Decentralized Professional Credentials: From Paper to Protocol
In January 2023, the U.S. Department of Justice charged 25 people in a scheme that sold more than 7,600 fake nursing diplomas from three Florida schools. The buyers used those diplomas to sit for national board exams, obtain state licenses, and get jobs in hospitals across at least nine states – nurses who had never completed clinical training, treating real patients. The federal investigation, dubbed “Operation Nightingale,” is still active: a second wave of charges landed in 2025. The scheme only came to light through a federal enforcement action, not through any built-in safeguard in the credentialing system itself.
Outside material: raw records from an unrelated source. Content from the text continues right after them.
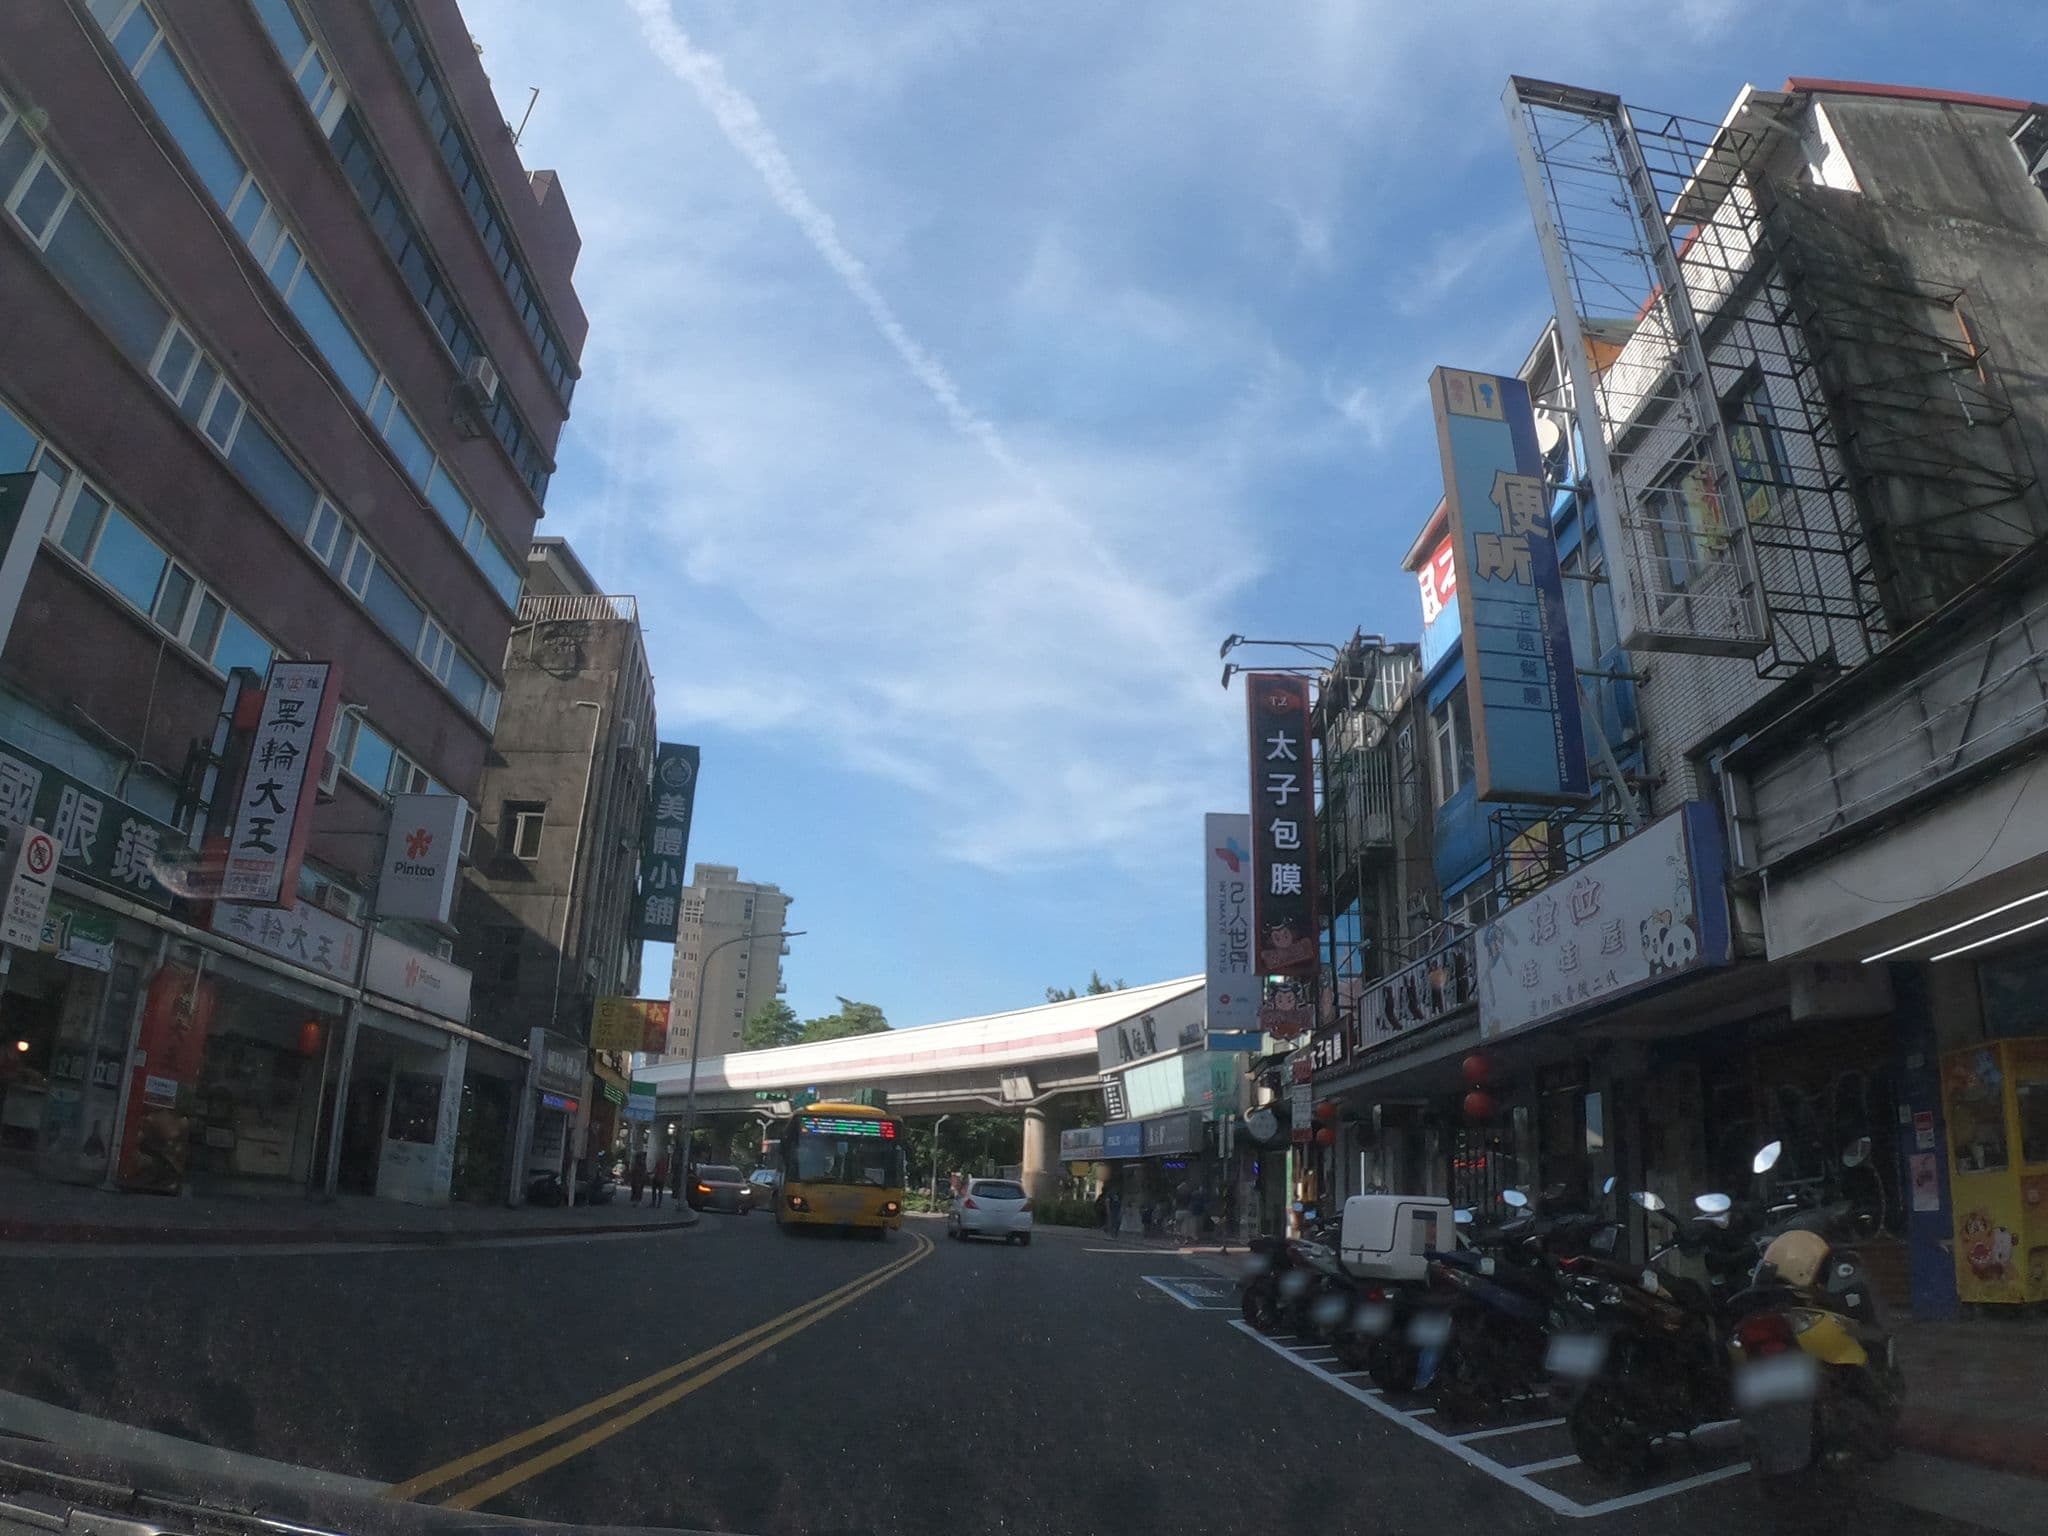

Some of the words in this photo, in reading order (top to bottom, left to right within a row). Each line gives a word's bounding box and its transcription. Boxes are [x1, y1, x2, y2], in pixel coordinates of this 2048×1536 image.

[1473, 469, 1549, 586] 便所
[1551, 669, 1560, 710] Theme
[239, 698, 306, 855] 黑輪大王
[1266, 729, 1303, 896] 太子包膜
[644, 791, 686, 926] 美體小舖
[230, 905, 334, 971] 黑輪大王
This is what happens when credentials live in disconnected silos, verified by manual processes that assume documents are genuine because they look genuine. Every credential issuer – every university, employer, certification body – operates its own database with its own format and its own verification mechanism (if any). There is no common standard, no universal way for a third party to independently check authenticity, and no mechanism for the holder to control where and how their credentials are shared. The result is a multi-billion-dollar background check industry built on the difficulty of doing something that should be straightforward.
We built a protocol and working proof of concept that takes a different approach. It combines W3C Verifiable Credentials v2.0 – an open web standard for machine-verifiable credentials, finalized in May 2025 – with blockchain as an accountability layer for anchoring credential hashes and managing revocation. We’re publishing a research paper with the full protocol design, architecture, cross-chain comparison, and results, alongside the source code on GitHub.